Civil defence teams and soldiers swarmed over the concrete blocks, as hundreds of onlookers and weeping and wailing parents crowded around to follow the rescue effort.
Some relatives attempted to climb onto the wreckage to help in the search, but troops held them back. At least one bulldozer started to clear rubble from the building.
The quake -- the deadliest since 1999 when two major tremors killed 20,000 people in the country's northwest -- once again shone the spotlight on the shoddy building practices blamed by many for the extent of the damage wreaked by the quake.
"The stable that I built with my own hands did not collapse, but the school did," an angry father of one of the rescued children, Abdullah Gunal, told Anatolia.
Nuray Aydinoglu from the Istanbul seismological institute emphasised that proper enforcement of construction rules, tightened after the 1999 disasters, could have prevented future tragedies.
"Unfortunately, the efficiency of engineers and construction companies that implement the projects has never been seriously taken up in Turkey," he told a press conference in Istanbul.
"Probably we would not have suffered so much today if the building that caused the deaths of many of our children had been repaired," Aydinoglu said.
Ten multi-storey buildings collapsed in Bingol city.
Local officials said 24 people had been pulled out alive from under debris in Bingol but rescue workers had also retrieved 40 to 45 bodies.
Outlying villages also reported heavy damage, with electricity and phone lines down in many places.
Some casualties were transferred to nearby provinces as staff at the main hospital in Bingol city treated patients in the grounds for fear of aftershocks.
The Turkish Red Crescent rushed thousands of blankets, tents, food stufss, and teams, equipped with sniffer dogs, to the region.
Several European countries made offers of help.
Greece said it would send 300,000 euros of emergency aid and 25 rescue workers, while Germany proposed sending a specialised team of rescuers and dogs to help locate people trapped under the rubble.
But Erdogan said the country was capaple of dealing with the tragedy.
"The (Turkish) Red Crescent received such offers but at present there is no such need.
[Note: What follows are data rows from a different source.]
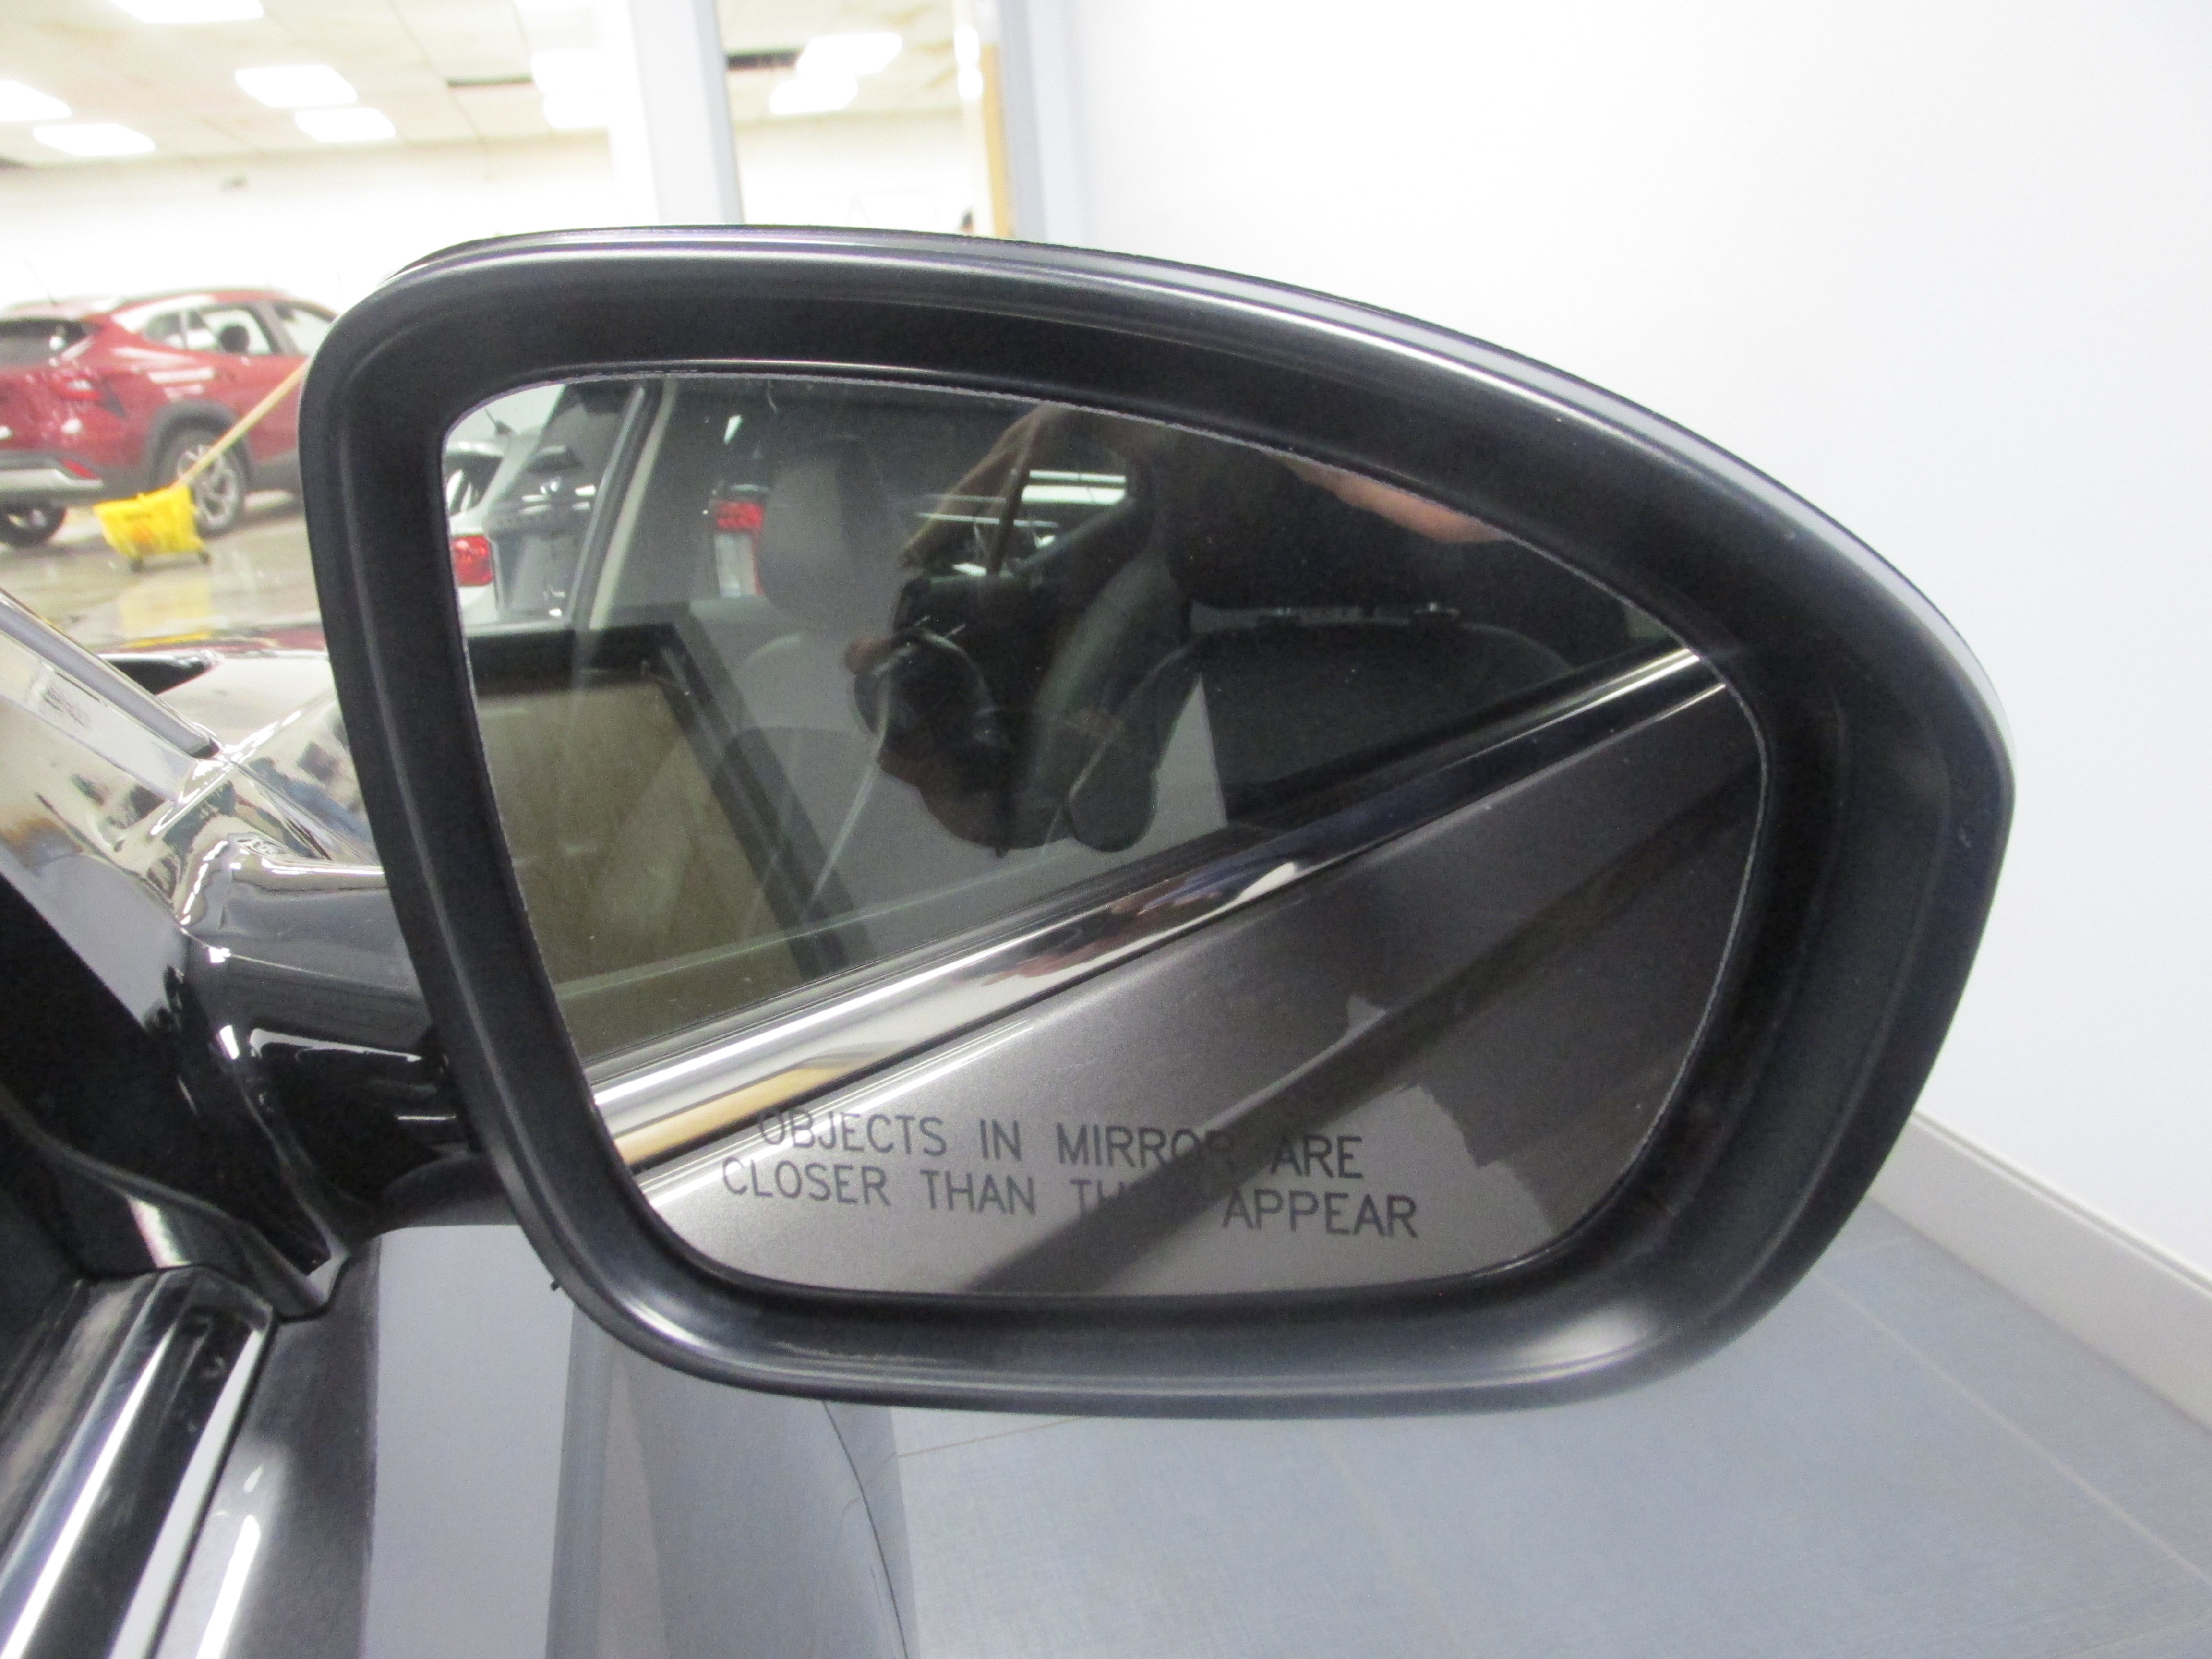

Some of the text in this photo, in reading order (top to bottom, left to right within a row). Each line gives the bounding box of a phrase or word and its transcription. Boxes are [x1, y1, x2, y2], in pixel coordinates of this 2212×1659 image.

[758, 1106, 947, 1157] OBJECTS
[980, 1118, 1022, 1162] IN
[1270, 1133, 1363, 1179] ARE
[722, 1156, 891, 1206] CLOSER
[920, 1168, 1036, 1216] THAN
[1222, 1188, 1419, 1238] APPEAR
Turkey is in a position to handle it," he said.
The quake, which struck at 3:27 am (0037 GMT) and was felt in several neighbouring provinces, had its epicentre 16 kilometres (10 miles) northeast of Bingol, according to the Istanbul seismological institute.
Turkey is criss-crossed by active faultlines, including one in northern Anatolia which caused two major quakes in August and November 1999, east of the Marmara Sea, killing 20,000.
Bingol is situated on the eastern Anatolia fault.
On May 22 1971 a quake measuring 6.8 on Richter claimed some 900 lives in the eastern province.